By the 16th week, you should be able to run two sets of 20 minutes each, with a five-minute walk before, between, and after. Make adjustments for heat and altitude, and don't be frustrated if you think your pace is too slow. The best way to avoid injury is to avoid what AAPSM Board Member Stephen Pribut, D.P.M. has called the "terrible twos": too much, too soon, too fast, too often.
Proper foot hygiene can also prevent injuries. Keeping feet powdered and dry is important, especially to the jogger suffering from blisters. Blisters can be limited by moisture control. Make sure to wear socks that wick moisture. This strategy can also help prevent athlete's foot.
Aches and Pains of Running
Even with the best preparation, aches and pains are an inevitable result of a new jogging regimen. If the pain subsides with slow easy exercise, you may continue, but if it gets worse, stop the activity and rest. If it persists, see your podiatrist.
The most common pain associated with jogging is known as runner's knee, a catch-all for jogging-related knee pain. One of the most common causes of runner's knee is excessive pronation, or rolling in and down, of the foot. This syndrome is now often called the patello-femoral pain syndrome.

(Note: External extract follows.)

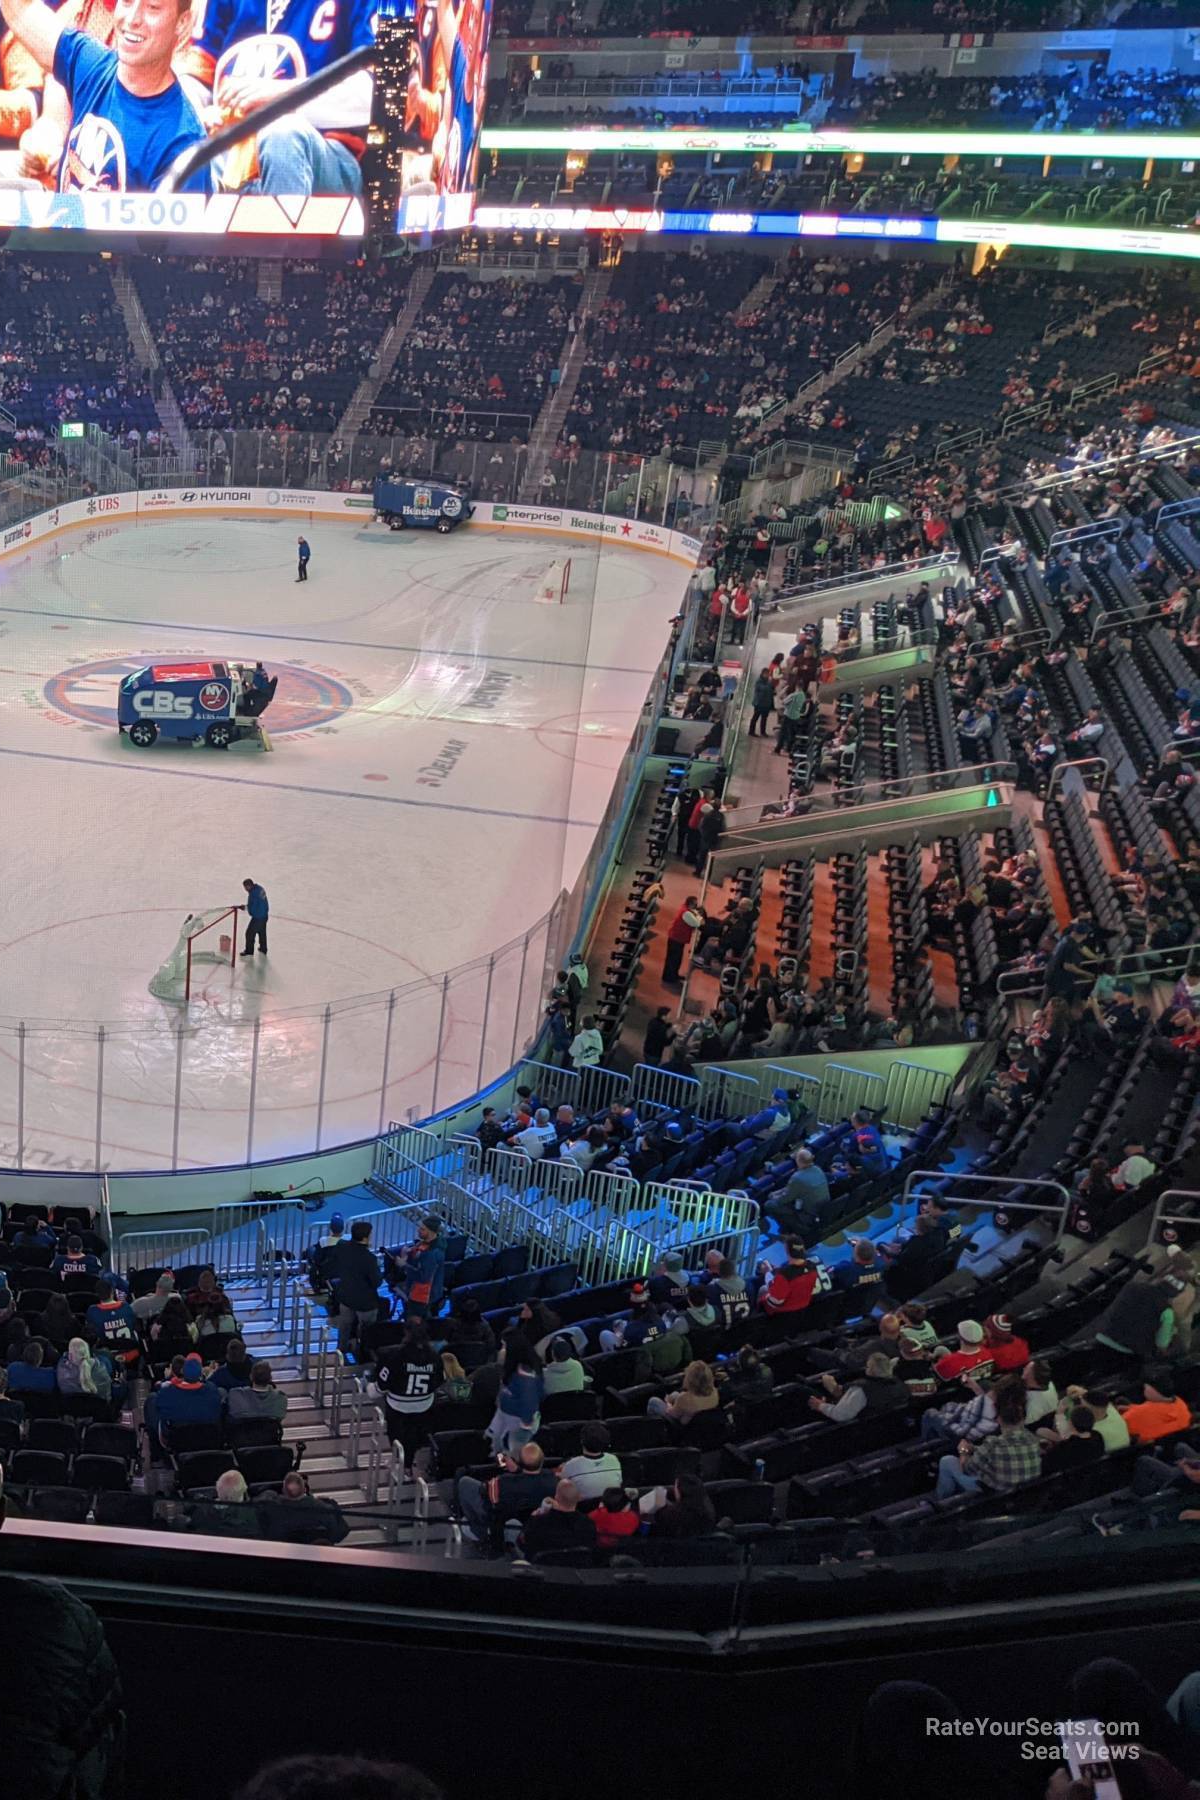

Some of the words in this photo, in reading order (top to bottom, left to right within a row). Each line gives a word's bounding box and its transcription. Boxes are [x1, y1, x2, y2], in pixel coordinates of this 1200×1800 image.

Orthoses (arch supports -- shoe inserts) prescribed by your podiatrist are the best way to alleviate the problem. Occasionally, rubber pads in the arch of the shoe will help.

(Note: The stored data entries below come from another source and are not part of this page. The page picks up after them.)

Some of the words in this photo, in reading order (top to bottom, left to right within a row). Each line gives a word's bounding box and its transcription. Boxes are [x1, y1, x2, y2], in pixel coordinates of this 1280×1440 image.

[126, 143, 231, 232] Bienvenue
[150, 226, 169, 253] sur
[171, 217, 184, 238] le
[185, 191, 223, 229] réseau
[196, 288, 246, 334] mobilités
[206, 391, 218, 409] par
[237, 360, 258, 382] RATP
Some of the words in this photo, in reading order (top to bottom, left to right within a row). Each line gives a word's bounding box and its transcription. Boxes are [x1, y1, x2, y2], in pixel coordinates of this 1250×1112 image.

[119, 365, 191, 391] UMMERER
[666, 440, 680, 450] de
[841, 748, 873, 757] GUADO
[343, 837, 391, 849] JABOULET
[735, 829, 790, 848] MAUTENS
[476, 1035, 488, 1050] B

Shin splints, which painfully appear at the front and inside of the leg, are caused by running on hard surfaces, overstriding, muscle imbalance, or overuse. Treatment includes changing running technique or insertion of an orthotic device in the shoe.
Common Running Injuries
Plantar fasciitis (arch pain) -- Arch pain is often caused by frequent stress on the plantar aspect, or bottom of the foot. When the plantar fascia, a supportive, fibrous band of tissue running from the heel to the ball of the foot, becomes injured, pain on the bottom of the foot results. Forefoot and rearfoot instability, with excessive pronation, may result in plantar fasciitis. Overtraining may contribute. Shoes with good midfoot stability may help prevent plantar fasciitis. If pain persists visit your sports podiatrist.
Heel spurs -- Heel spur syndrome, related to plantar fasciitis, occurs after calcium deposits build up on the underside of the heel bone. Heel spurs form gradually over many months. Both plantar fasciitis and heel spurs can be avoided by a proper warm-up that includes stretching the band of tissue on the bottom of the foot. The soft tissue injury is usually the cause of the pain and not the spur itself.
Sesamoiditis -- Sometimes referred to as the ball bearings of the foot, the sesamoids are a set of accessory bones found beneath the large first metatarsal bone. Incredible forces are exerted on the sesamoid bones during aerobics, and inflammation and fractures can occur. Proper shoe selection and custom orthotic devices can be useful in treating sesamoiditis.
Shin splints -- Aside from ankle sprains, shin splints are perhaps the most common injury to the lower body, as the muscles attached to the shin bone bring the foot up and down. The pain is usually an inflammation of the shin muscle and tendon due to stress factors. Treat shin pain with cold compresses immediately after the workout to reduce inflammation. Proper stretching before the workout should prevent the onset of shin splints. Strengthening of muscles also helps reduce shin splints.
Achilles tendon and calf pain -- The frequent rising on the toes of an aerobics routine often creates pain and tightness in the large muscles in the back of the legs, which can create pain and tightness in the calf and inflammation of the achilles tendon. Again, stretching the calf muscles gently and gradually before and after the workout will ordinarily help alleviate the pain and stiffness.
Stress fractures -- Stress fractures often occur from overtraining. Make sure you gradually increase your running distance and intensity and have an adequate dietary intake of calcium.